Monday, July 17, 2017

went to the weed bluegrass festival the other folks around here, there is nothing alarming about that name. weed is simply a little town way out in the mountains, and it holds this festival every july, and the festival is its largest fundraiser for the community center and scholarships that the community provides to its people. some of its kids go to my son's school, as it's only 23 miles away or so, but it takes a good forty minutes on windy, treacherous roads with no shoulder on steep cliffs. you follow the cox canyon road out maybe 18 miles before turning and actually crossing over a range of rather steep mountains; this is only about six or seven miles, but it's very steep and somewhat dramatic.

bluegrass people had come from all around, and most were camping. this is generally an upbeat, but very conservative, religious crowd. they like gospel music. they are generally opposed to alcohol in all of its iterations. they tend toward large motor homes and little pets, and they are generally well keyed in to the music itself. that is the part that endears them to me. they love the music, and they know a lot of songs.

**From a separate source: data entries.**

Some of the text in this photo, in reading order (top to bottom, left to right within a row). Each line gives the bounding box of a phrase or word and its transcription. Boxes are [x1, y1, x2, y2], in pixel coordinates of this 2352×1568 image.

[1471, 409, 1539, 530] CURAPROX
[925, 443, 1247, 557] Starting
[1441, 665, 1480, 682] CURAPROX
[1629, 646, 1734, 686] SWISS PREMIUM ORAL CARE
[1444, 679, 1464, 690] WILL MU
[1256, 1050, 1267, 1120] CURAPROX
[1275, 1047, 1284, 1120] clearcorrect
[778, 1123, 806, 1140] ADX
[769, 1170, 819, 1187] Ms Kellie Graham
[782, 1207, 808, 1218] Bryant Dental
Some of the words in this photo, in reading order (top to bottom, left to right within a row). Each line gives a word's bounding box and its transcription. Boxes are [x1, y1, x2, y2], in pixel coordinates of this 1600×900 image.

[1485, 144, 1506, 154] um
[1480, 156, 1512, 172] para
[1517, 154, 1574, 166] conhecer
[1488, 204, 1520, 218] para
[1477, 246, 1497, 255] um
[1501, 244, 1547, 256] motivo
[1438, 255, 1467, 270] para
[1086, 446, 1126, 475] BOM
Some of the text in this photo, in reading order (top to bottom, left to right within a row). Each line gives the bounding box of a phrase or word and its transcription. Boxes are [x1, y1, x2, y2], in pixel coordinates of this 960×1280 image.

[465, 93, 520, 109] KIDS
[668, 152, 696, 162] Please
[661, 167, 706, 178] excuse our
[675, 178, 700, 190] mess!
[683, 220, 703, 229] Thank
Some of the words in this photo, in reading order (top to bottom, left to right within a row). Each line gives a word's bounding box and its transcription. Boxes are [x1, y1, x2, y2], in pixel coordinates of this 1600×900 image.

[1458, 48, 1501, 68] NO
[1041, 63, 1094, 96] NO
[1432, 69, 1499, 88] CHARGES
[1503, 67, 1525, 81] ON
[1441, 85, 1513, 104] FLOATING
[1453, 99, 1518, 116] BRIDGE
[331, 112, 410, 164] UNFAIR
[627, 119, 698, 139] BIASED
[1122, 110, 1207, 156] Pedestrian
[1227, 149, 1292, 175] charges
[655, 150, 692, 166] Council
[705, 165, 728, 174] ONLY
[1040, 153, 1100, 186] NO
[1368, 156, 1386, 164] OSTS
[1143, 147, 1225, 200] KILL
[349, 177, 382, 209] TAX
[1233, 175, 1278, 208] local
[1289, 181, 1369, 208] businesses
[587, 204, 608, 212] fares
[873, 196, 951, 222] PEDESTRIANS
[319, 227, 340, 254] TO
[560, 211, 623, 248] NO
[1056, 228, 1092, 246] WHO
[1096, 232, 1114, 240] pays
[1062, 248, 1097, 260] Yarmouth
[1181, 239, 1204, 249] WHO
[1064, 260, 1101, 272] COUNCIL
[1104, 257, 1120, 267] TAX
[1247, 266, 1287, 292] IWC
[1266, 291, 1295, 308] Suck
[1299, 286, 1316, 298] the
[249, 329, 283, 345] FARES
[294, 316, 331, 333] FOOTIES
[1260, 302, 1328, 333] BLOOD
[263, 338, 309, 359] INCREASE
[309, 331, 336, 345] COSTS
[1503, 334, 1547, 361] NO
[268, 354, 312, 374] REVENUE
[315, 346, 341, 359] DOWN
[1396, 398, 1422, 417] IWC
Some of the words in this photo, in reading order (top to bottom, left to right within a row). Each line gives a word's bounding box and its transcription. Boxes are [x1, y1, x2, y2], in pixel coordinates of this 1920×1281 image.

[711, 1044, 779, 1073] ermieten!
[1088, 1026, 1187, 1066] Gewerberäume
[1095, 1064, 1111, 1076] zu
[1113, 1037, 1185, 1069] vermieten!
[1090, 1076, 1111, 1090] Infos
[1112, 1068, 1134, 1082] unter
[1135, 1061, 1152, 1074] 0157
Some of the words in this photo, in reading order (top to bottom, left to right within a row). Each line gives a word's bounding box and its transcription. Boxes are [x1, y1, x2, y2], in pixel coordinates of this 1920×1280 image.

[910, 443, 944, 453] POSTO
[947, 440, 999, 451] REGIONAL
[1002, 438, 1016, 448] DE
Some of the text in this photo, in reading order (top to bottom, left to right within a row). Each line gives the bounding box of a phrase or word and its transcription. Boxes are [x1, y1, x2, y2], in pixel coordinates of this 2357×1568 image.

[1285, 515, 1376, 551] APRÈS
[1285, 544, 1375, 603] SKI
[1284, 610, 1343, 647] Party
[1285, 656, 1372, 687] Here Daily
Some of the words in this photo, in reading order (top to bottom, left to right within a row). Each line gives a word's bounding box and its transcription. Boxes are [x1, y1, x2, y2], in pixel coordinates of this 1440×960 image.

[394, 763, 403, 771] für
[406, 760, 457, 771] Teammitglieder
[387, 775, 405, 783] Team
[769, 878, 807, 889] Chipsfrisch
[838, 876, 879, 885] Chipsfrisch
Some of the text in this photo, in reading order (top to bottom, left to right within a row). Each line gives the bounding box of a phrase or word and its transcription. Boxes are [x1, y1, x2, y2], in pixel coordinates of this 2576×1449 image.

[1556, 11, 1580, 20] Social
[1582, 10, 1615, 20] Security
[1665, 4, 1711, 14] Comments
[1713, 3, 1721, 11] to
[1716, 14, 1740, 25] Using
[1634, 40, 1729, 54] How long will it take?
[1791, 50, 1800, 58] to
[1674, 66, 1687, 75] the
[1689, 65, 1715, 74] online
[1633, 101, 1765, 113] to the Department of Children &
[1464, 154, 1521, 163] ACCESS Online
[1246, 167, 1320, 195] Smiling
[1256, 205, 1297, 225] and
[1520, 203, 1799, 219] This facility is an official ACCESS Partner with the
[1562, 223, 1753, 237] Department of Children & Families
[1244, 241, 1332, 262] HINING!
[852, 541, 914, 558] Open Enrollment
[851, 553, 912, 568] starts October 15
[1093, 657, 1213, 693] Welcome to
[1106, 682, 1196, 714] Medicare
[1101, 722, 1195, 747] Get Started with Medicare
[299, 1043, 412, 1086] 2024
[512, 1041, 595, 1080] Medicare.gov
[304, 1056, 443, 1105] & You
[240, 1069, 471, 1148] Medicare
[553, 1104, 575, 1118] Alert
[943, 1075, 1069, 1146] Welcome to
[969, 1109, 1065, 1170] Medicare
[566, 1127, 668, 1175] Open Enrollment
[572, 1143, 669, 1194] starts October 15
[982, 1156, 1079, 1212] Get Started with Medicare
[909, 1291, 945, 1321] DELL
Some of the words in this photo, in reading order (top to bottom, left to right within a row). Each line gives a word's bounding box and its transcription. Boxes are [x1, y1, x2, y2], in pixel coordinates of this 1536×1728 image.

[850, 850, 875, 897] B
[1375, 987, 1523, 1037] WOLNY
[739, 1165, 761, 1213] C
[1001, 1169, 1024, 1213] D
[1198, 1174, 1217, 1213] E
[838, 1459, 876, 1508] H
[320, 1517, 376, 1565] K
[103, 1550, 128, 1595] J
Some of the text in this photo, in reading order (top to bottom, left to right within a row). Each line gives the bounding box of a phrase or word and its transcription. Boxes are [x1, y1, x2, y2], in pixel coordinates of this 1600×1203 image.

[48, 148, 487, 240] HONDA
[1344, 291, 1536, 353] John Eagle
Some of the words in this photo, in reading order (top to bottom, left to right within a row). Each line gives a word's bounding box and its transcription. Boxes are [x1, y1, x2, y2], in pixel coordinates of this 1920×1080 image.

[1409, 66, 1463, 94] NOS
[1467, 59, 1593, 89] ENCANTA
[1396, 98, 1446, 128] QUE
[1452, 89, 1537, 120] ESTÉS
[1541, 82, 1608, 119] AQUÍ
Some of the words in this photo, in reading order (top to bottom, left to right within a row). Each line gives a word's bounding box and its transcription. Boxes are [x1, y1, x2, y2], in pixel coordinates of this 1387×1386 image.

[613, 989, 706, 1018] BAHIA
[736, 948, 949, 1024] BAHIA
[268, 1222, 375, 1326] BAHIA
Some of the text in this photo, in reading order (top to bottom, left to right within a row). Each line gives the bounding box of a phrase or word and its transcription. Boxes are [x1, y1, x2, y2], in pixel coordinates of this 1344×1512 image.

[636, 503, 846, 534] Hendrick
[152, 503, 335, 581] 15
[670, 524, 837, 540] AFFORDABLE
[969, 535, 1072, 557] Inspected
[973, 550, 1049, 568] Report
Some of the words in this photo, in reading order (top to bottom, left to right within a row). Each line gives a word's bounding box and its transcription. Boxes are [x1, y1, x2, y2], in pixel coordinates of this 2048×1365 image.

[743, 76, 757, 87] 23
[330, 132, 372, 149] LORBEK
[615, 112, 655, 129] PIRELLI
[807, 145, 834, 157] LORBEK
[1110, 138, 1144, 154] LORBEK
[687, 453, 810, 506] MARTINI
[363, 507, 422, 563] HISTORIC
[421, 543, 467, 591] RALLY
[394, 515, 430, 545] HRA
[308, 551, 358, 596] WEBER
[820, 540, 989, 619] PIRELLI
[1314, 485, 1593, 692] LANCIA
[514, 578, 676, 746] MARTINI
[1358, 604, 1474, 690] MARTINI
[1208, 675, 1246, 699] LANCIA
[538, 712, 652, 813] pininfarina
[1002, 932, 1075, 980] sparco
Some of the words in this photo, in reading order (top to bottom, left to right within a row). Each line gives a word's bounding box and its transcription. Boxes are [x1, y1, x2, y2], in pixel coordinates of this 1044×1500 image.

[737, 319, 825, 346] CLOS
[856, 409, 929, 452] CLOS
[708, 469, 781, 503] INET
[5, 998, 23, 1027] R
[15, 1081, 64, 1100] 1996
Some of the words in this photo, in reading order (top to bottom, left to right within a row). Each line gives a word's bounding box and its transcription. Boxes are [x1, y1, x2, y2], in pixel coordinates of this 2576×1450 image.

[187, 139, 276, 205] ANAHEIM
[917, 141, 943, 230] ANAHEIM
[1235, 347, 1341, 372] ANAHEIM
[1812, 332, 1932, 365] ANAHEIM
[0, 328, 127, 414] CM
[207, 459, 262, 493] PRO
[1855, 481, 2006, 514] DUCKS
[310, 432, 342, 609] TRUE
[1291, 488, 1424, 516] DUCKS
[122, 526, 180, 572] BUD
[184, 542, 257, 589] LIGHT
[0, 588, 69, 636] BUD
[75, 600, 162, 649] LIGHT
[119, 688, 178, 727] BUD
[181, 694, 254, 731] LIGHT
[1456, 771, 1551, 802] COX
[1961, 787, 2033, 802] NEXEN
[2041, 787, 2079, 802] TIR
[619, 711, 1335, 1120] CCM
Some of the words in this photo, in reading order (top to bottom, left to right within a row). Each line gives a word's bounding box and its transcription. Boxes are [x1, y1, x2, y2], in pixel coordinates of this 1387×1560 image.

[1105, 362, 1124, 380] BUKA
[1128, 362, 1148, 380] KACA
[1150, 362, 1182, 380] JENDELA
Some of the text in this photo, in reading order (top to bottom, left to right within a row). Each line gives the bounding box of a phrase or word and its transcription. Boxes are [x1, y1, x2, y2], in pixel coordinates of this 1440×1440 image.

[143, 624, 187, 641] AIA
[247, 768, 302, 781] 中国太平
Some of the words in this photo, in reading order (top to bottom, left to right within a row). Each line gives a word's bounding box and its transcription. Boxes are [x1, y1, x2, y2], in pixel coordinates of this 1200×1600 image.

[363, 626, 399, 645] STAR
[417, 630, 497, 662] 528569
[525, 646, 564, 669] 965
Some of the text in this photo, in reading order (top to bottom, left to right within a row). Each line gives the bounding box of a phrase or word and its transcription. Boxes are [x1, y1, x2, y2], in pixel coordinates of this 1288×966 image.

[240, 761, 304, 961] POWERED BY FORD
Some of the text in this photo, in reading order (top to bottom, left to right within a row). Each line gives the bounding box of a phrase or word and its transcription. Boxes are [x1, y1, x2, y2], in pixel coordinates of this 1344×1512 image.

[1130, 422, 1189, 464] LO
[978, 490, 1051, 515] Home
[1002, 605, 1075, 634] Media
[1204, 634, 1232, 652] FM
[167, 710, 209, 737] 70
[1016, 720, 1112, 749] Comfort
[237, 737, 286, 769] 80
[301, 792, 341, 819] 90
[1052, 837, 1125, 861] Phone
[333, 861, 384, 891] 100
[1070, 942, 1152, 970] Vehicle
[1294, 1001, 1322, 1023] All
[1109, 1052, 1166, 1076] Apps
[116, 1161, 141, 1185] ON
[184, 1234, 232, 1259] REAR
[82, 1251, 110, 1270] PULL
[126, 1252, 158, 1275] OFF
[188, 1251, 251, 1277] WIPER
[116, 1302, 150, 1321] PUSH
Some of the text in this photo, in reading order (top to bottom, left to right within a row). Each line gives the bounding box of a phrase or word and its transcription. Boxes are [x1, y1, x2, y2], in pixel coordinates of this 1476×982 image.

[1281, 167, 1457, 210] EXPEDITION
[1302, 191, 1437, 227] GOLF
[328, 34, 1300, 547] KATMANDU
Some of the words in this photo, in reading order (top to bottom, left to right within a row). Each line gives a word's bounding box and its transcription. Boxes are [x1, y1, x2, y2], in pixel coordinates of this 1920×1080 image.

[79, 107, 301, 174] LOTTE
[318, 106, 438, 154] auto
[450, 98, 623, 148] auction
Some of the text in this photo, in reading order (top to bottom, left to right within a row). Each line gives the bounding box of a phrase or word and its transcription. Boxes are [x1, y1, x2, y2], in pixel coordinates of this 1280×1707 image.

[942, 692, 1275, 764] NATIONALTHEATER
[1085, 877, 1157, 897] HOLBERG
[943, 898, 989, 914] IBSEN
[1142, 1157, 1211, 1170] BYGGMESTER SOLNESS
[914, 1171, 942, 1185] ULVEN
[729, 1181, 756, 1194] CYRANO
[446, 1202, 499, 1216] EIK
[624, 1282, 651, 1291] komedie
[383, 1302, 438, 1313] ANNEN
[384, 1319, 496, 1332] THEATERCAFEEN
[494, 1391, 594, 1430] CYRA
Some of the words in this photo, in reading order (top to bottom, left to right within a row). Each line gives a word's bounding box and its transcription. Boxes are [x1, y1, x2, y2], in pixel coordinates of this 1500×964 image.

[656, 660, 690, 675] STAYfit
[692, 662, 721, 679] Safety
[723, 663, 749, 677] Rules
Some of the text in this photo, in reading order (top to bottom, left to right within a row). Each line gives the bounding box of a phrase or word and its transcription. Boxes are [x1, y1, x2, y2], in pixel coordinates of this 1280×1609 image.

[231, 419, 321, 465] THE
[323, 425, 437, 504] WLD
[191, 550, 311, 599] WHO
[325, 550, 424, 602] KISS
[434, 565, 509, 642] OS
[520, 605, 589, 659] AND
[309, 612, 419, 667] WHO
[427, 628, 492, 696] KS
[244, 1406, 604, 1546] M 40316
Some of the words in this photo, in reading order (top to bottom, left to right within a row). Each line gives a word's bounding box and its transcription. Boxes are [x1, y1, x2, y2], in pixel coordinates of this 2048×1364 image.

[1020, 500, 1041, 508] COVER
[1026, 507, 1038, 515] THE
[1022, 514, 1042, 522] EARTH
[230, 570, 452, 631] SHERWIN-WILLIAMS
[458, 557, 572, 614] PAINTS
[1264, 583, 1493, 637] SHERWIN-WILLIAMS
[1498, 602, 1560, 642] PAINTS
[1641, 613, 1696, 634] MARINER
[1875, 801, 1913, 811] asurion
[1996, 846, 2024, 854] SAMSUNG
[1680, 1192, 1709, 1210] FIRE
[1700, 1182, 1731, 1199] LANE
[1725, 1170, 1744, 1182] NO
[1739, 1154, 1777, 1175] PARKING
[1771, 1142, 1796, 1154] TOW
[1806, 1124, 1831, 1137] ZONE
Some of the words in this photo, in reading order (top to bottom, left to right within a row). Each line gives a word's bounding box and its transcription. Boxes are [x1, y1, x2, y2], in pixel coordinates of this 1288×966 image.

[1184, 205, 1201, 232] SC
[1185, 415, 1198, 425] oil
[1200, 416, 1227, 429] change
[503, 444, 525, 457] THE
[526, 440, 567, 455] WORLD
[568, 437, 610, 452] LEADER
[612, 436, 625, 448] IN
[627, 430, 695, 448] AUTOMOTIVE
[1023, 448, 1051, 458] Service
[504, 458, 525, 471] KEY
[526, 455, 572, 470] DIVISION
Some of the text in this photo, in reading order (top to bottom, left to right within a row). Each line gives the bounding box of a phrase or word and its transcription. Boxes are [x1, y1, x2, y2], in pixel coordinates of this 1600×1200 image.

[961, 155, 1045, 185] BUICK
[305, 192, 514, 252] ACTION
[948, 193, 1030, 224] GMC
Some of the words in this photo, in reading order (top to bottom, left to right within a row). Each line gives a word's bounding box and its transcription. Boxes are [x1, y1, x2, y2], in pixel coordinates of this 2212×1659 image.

fiddlers are rare, not only here, but in texas, and throughout the countryside. i've found generally welcoming greetings from crowds like this, since they don't get many chances to play with fiddles. there were several steel guitars, and several banjos; there was a standup bass, and one more fiddler, a woman whom i know, who is actually one of the organizers. it's a tiny community, but it seems the restaurant-cafe-post-office is clearly the center of it, and almost all of its residents were there that night.

my son recorded much of it; he knew the waitress and some other kids who were there. in the end, because we knew people, it was a local kind of thing. and that i liked. the music was good, the company was good, and i felt like i was a fiddler again. this is the kind of festival i could attend every year, as long as i live.